As far as loss of menstrual cycles and overtraining, I don’t think most women know enough about these issues. It is estimated that 65% of collegiate distance runners experience secondary amenorrhoea (losing their periods for >3 months).2 If that number doesn’t shock you, I don’t know what will. When I was a teenager, I repeatedly told my doctor that I had lost my period from training. The research at the time (maybe lack of research at the time) supported that this was OK with no health consequences to worry about. Now research tells us that losing your menstrual cycle due training is never normal. Your menstrual cycle is a measure of your health; a vital sign. It gives women crucial information about energy balance, bone health, and more. Our bodies go through monthly hormonal fluctuations of estrogen and progesterone, two hormones that which help regulate how quickly bone cells are broken down. When you lose your period, those hormone fluctuations are interrupted and bone-protecting estrogen and progesterone are decreased. Long term, this leaves bones more susceptible for fracture. Anne Loucks, who has done a lot of research on this subject put it well: Osteoporosis in a 20 year old is a disaster. Osteopenia in a 20 year old is a disaster waiting to happen. This does not need to happen to young female runners and prevention is the key.
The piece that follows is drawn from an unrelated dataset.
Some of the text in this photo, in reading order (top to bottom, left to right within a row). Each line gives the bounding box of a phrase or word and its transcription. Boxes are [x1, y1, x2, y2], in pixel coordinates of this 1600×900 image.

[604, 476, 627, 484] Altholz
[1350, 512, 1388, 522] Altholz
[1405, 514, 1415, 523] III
Energy balance is another aspect of health female runners need to know. Runners expend a lot of energy training and need to recoup that energy through a healthy and robust diet. That means eating nutrient-rich and calorically dense food. If a runner is refueling properly, they can achieve a balance between energy burned vs energy consumed. When runners don’t eat enough to support training, an energy deficit is created, which can lead to decreased performance, strength, and endurance; decreased concentration and judgement; increased irritability, depression, and risk of injury. That’s all bad stuff. Still, many runners struggle with eating disorders, disordered eating, and body dysmorphia. Female runners often face scrutiny over their looks, despite performance. I struggled with these issues in college. I truly believed that I was “bigger than the typical runner” and that I needed to fit into other people’s expectations. It took a long time, self-reflection, and a doctorate education to help me truly understand who I am and who I want to be as a runner. It’s a lesson I wish I could have figured out 15 years earlier. But I got there. Other young women do not need to fall into these pitfalls and I believe providing high-quality education about their health will help move the culture of women’s distance running in the right direction. I truly believe that if we can move that needle in the right direction, we will see women’s distance running as a whole get stronger and faster.
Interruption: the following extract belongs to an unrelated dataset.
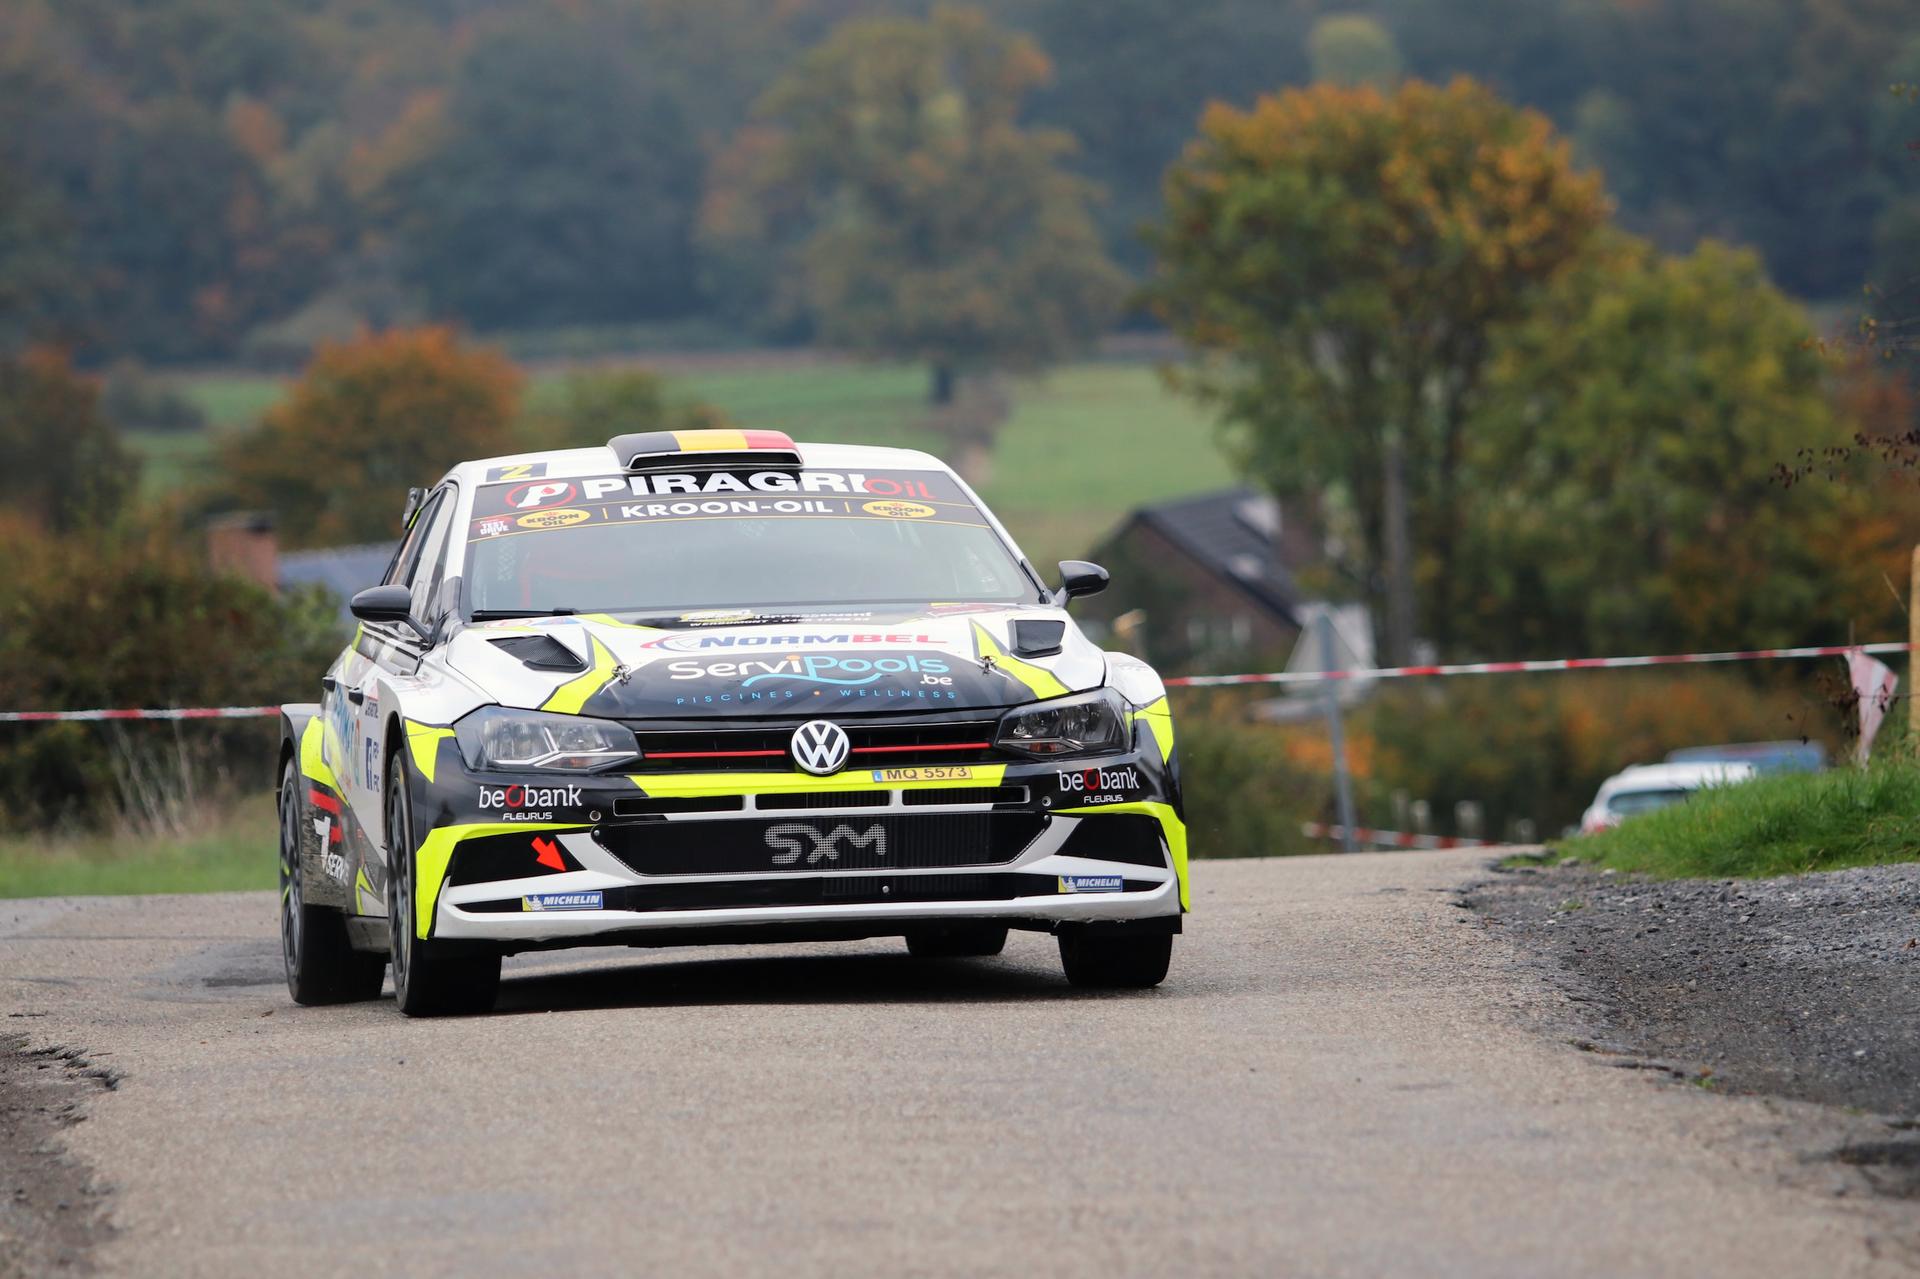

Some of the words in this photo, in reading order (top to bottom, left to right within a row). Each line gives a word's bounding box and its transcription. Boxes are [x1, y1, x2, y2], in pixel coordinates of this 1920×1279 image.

SAM: Are there any differences between women and men for running? Training?

Physiologically, women generally are smaller, lighter, and have a high proportion of body fat than men. Women also tend to have smaller hearts and lungs. Essentially, our engines are smaller, which affects how much oxygen we can use to fuel exercise. Women also have menstrual cycles, which causes monthly hormone fluctuations which has an effect on ligament laxity and bone health.

But to tell the truth, I think women have suffered as a result of being left behind by science. To use the words of exercise physiologist Stacy Sims, “Women are not small men.” Much of research about running has tested mostly male subjects, with the results generalized to women. A 2014 study looked into articles published in three major Sports and Exercise Medicine journals over a three-year period. Female made up only 39% of study subjects out of more than 6 million participants. Female were significantly under-represented across all the journals.3 The more we know about women (about ourselves!), the more opportunity we have for better performance. What I would like to see is more research about female athletes that compares women to other women, not women to men.

SAM: What expectations do you feel like could be changed to help improve running?/Why do female athletes strive for perfection? Is this holding them back or a necessary part of running your best?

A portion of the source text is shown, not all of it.